Früher Brückenzoll erhoben
Die Brücke wurde ab dem Frühjahr 1903 errichtet und im Juni 1904 feierlich eingeweiht. Der Überbau, von der Maschinenbaugesellschaft Nürnberg errichtet, zählte in den ersten Jahren zu den am weitest gespannten Brücken in Bayern. Die Baukosten von rund 300 000 Mark musste größtenteils die Gemeinde Lengfurt tragen, weshalb bis zum 1. März 1942 für die Benutzung ein Brückenzoll zu entrichten war. Man hatte zu diesem Zweck auch ein Brückenhäuschen gebaut, das erst beim Bau der Ortsumgehungsstraße 1971 abgerissen wurde. Man hatte sich zu dieser Zeit um Denkmalschutz eher weniger Gedanken gemacht.

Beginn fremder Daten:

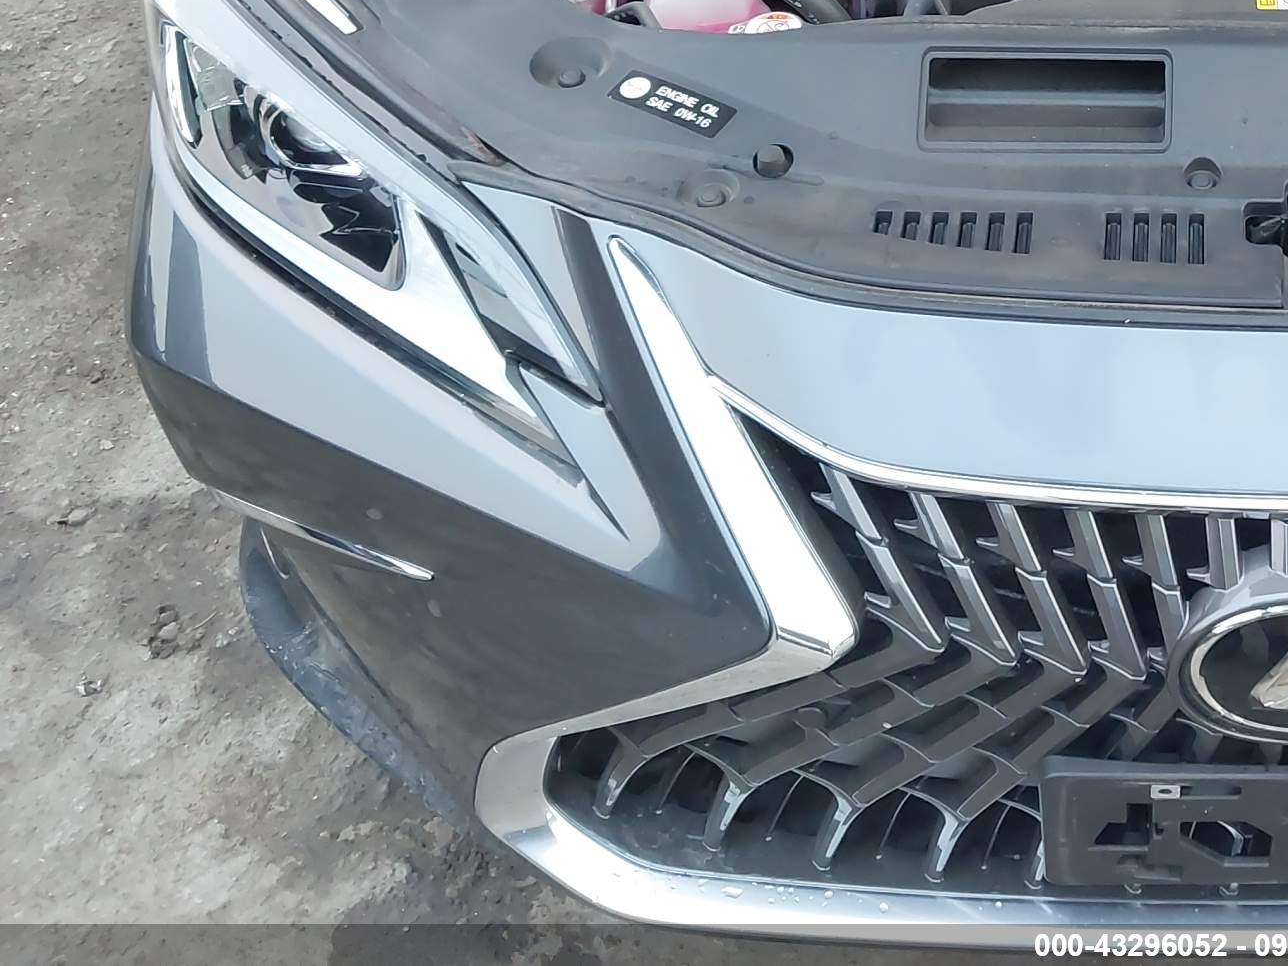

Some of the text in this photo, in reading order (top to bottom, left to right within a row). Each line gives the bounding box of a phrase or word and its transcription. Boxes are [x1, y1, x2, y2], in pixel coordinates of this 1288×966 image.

Das Ende der ersten Lengfurter Brücke kam im letzten Kriegsjahr des Zweiten Weltkriegs . Am Karsamstag, dem 31. März 1945, sprengten deutsche Truppen das Bauwerk und zerstörten es komplett. Die Sprengung war so gewaltig, dass mehrere Dutzend Häuser im Altort Lengfurt Schaden nahmen. Die Chronik von Lengfurt spricht von einem Gesamtschaden von damals 31 325 Mark.
Die Schifffahrt war bis Juni 1945 nicht möglich, da die Brücke in den Main gestürzt war. Wenigstens die Lausbuben im Dorf fanden in der Brücke ihren – natürlich verbotenen – Abenteuerspielplatz. An einen Wiederaufbau der Brücke war vorerst nicht zu denken, die Mainfähre nahm an alter Stelle wieder ihren Betrieb auf.
Die Notwendigkeit für den Neubau dieser Brücke führte aber dazu, dass schon ab 1947 ernsthafte Bemühungen der Gemeinde Lengfurt für den Neubau unternommen wurden: beim Landratsamt Marktheidenfeld, bei den Abgeordneten des Bayerischen Landtags und beim Staatsministerium in München.
Zuständigkeits- und Planungswirrwarr folgte. Im September 1952 erteilte der Kreistag einstimmig die Baugenehmigung, bei geschätzten Baukosten von 850 000 Mark. Lengfurt musste 75 000 Mark tragen, das Zementwerk übernahm 175 000 Mark. Im Sommer 1953 begannen die Bauarbeiten. Am 20. November 1954 erfolgte um 10 Uhr die feierliche Einweihung durch einen Festakt. Es war eine große und aufregende Feier, alle waren dazu auf den Beinen, und Bernhard Kohlhepp aus Lengfurt (damals acht Jahre alt) reimte jüngst im Rückblick: „Es gab Stolle vom Bäcker Sauer und Wurst vom Otto Fech, und wer zu spät kam, der hatte halt Pech.“ Otto Fech betrieb bis in die 60er Jahre das Gasthaus „Zum Goldenen Stern“ mit Metzgerei am Marktplatz Lengfurt.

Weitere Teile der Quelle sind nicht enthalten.